Since the initiative began in 2011, MSGA has tracked its impact across the five sites with an annual progress report. By June 2013, $3.7 million of investment in local organizations had already leveraged more than $215 million in direct project investment, resulting in:

  • 455 affordable housing units completed or under construction, with an additional 1,067 in predevelopment.
  • Nearly 100,000 square feet of commercial space completed or in development.
  • 52.3 acres of new or reconstructed parks completed or in the planning stages.
  • 16.3 miles of new community paths under construction or in the planning stages.
  • Nearly 15,000 residents engaged in local activities or advocacy.
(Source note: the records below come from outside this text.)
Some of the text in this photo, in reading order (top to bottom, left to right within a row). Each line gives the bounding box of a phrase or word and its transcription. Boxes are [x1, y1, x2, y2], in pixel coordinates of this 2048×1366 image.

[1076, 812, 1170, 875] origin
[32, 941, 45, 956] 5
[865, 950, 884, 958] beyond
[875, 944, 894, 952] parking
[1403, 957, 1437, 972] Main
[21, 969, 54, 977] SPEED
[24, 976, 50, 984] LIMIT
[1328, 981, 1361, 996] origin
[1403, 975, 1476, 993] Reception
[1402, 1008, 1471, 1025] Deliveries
In addition, MSGA and its Great Neighborhoods Network successfully advocated for $45 million in the housing bond bill to support mixed-use projects that include affordable housing; helped assemble the coalition to pass transportation reform, which allocated more than $600 million to fix the state’s transportation infrastructure; and extended the Brownfields Tax Incentive for an additional five years, while securing $25 million to recapitalize the state’s Brownfields Redevelopment Fund.
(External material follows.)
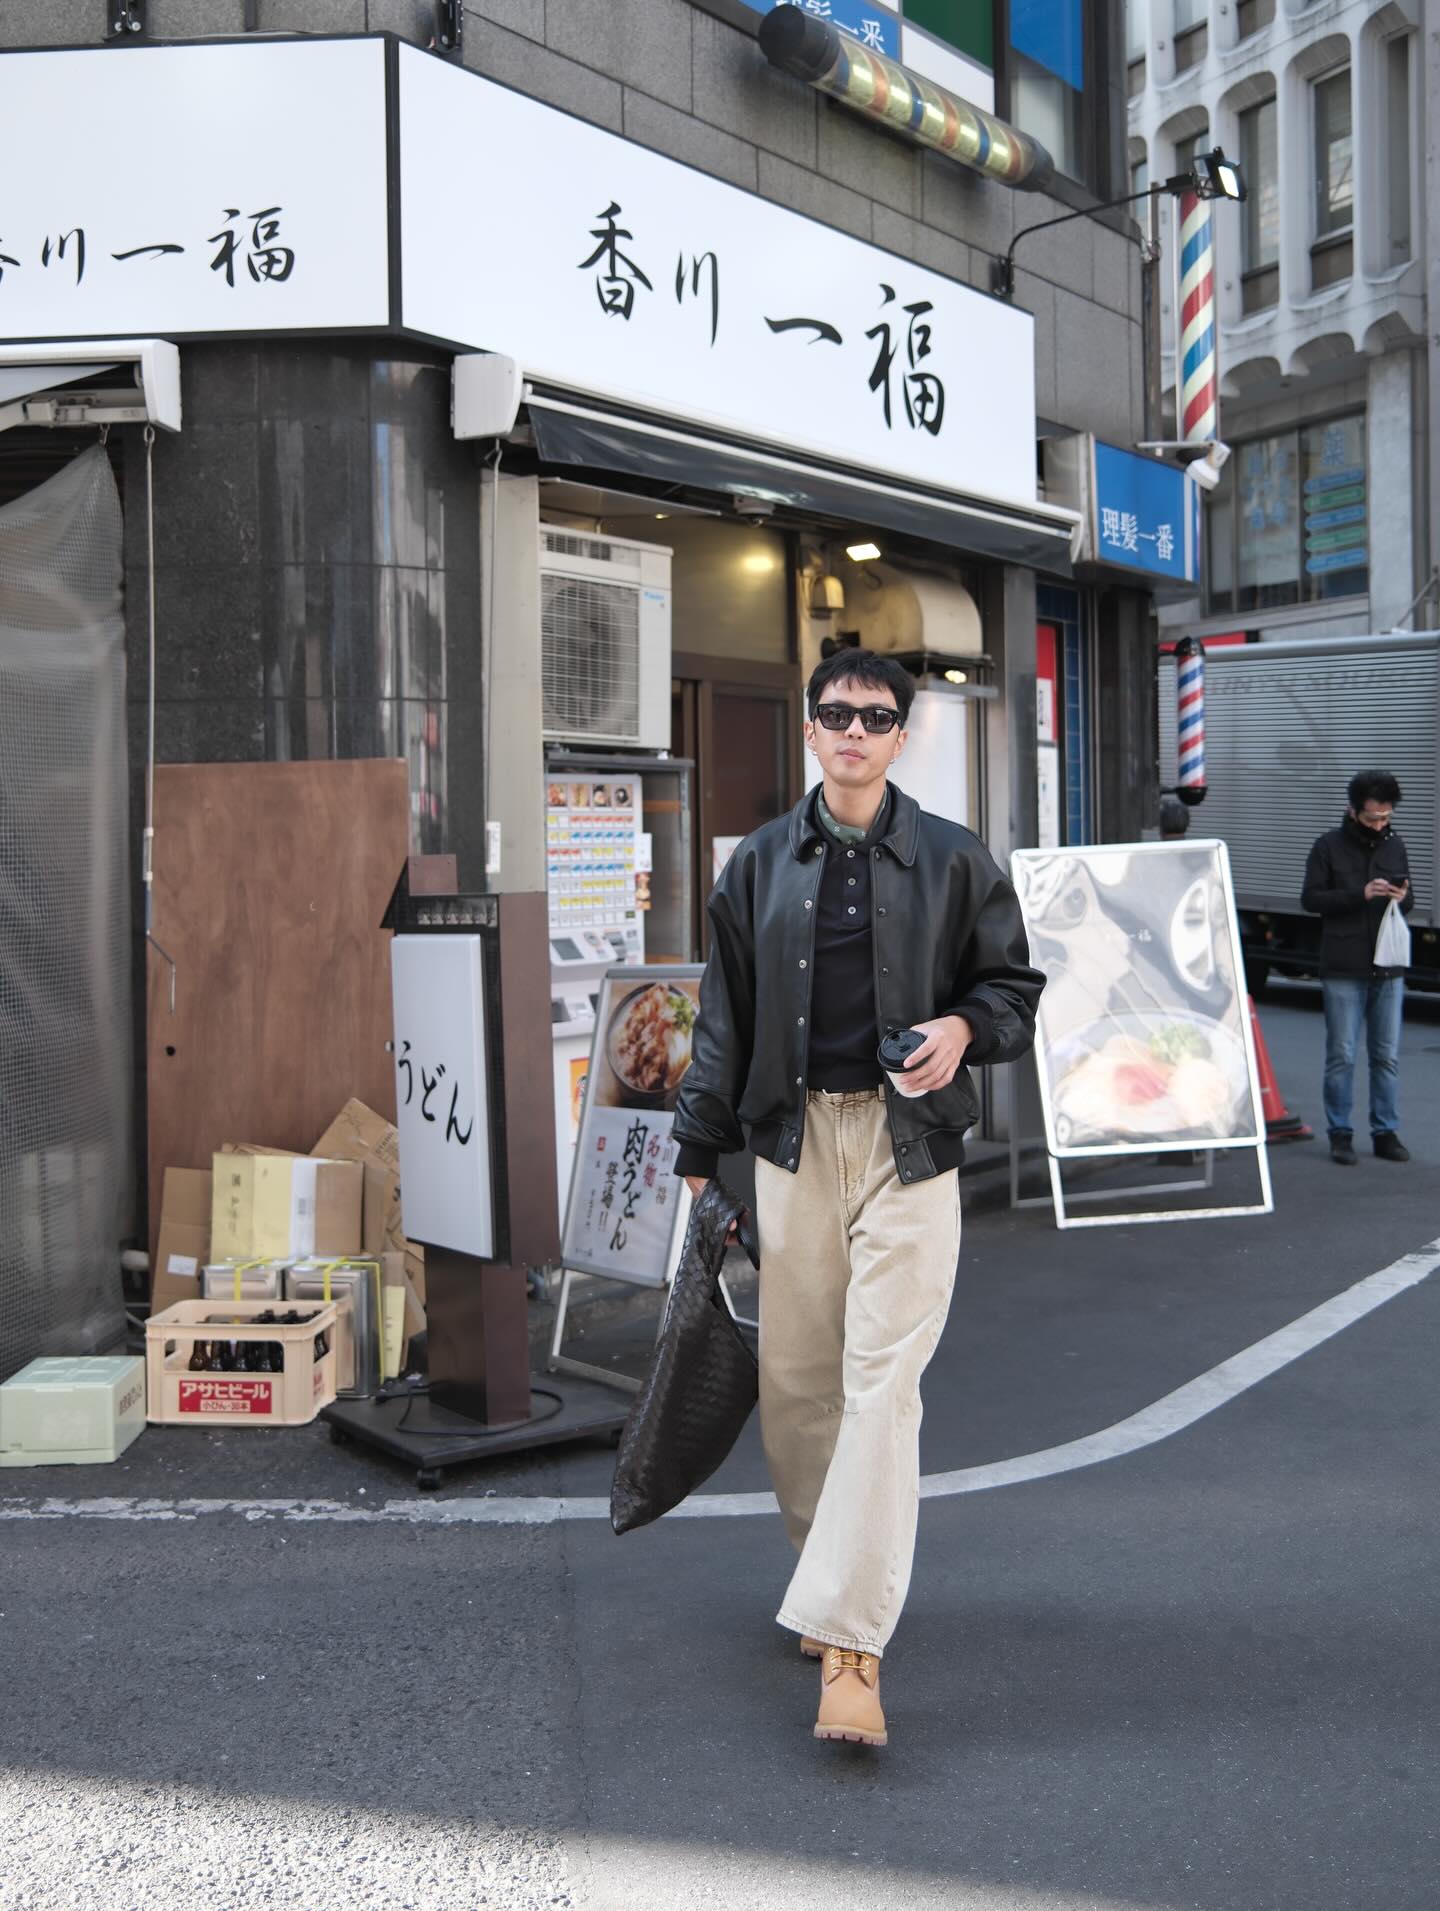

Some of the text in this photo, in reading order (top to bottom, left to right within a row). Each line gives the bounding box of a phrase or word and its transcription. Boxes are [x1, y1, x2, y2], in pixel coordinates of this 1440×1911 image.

Building on its initial successes, Great Neighborhoods expanded in 2014 to New Bedford, where it is working to support the transformation of a low-income, high-crime commercial corridor with a large immigrant community into an international marketplace with a high quality of life that attracts new investment and promotes economic growth. MSGA seeks to expand the Great Neighborhoods Network throughout the Greater Boston region and beyond. Ideas include turning the Great Neighborhoods model into an assessment tool and certification for place-based initiatives, as well as developing effective mechanisms for “place governance” such as business improvement districts, parking management districts, and community benefit districts.

Challenges

Great Neighborhoods participants and partners have encountered institutional, political, regulatory, and financial barriers in their efforts to pursue collaborative and integrated community development approaches:

  • Although the networked structure of Great Neighborhoods helps connect local initiatives to a regional framework and additional capacity, the level of civic and political fragmentation in Greater Boston continues to complicate the implementation of scaled and integrated community development strategies.
  • Mistargeted regulation and a lack of coordination among programs and policies that address infrastructure, housing, land use, and transportation create a challenging and fragmented framework for communities to navigate as they address multifaceted and interrelated needs.
  • Outdated local zoning and permitting practices, coupled with the lack of affordable housing options in high-opportunity areas, create obstacles for efforts to develop mixed-use and mixed-income communities.

Implications for Policy

To better support organizations and models such as MSGA and Great Neighborhoods, local, regional, and state leaders should:

  • Explicitly encourage and reward collaborative strategies that break down policy and sector silos and overcome political fragmentation, and better align existing policies and funding streams to support strategies that take integrated and multifaceted approaches to complex development issues.
  • Strengthen and preserve funding mechanisms such as the Community Investment Tax Credit, Smart Growth Trust Fund, and MassWorks Infrastructure Program, and reform the state’s business improvement district statute to enable communities throughout the state to enact Community Benefit Districts that include public, private, and nonprofit participation in financing and governance.
  • Make competitive grant dollars available for local groups to modernize zoning codes to help address issues of racial and income segregation, create more affordable options in high-opportunity areas, and promote mixed-use and sustainable growth in struggling communities.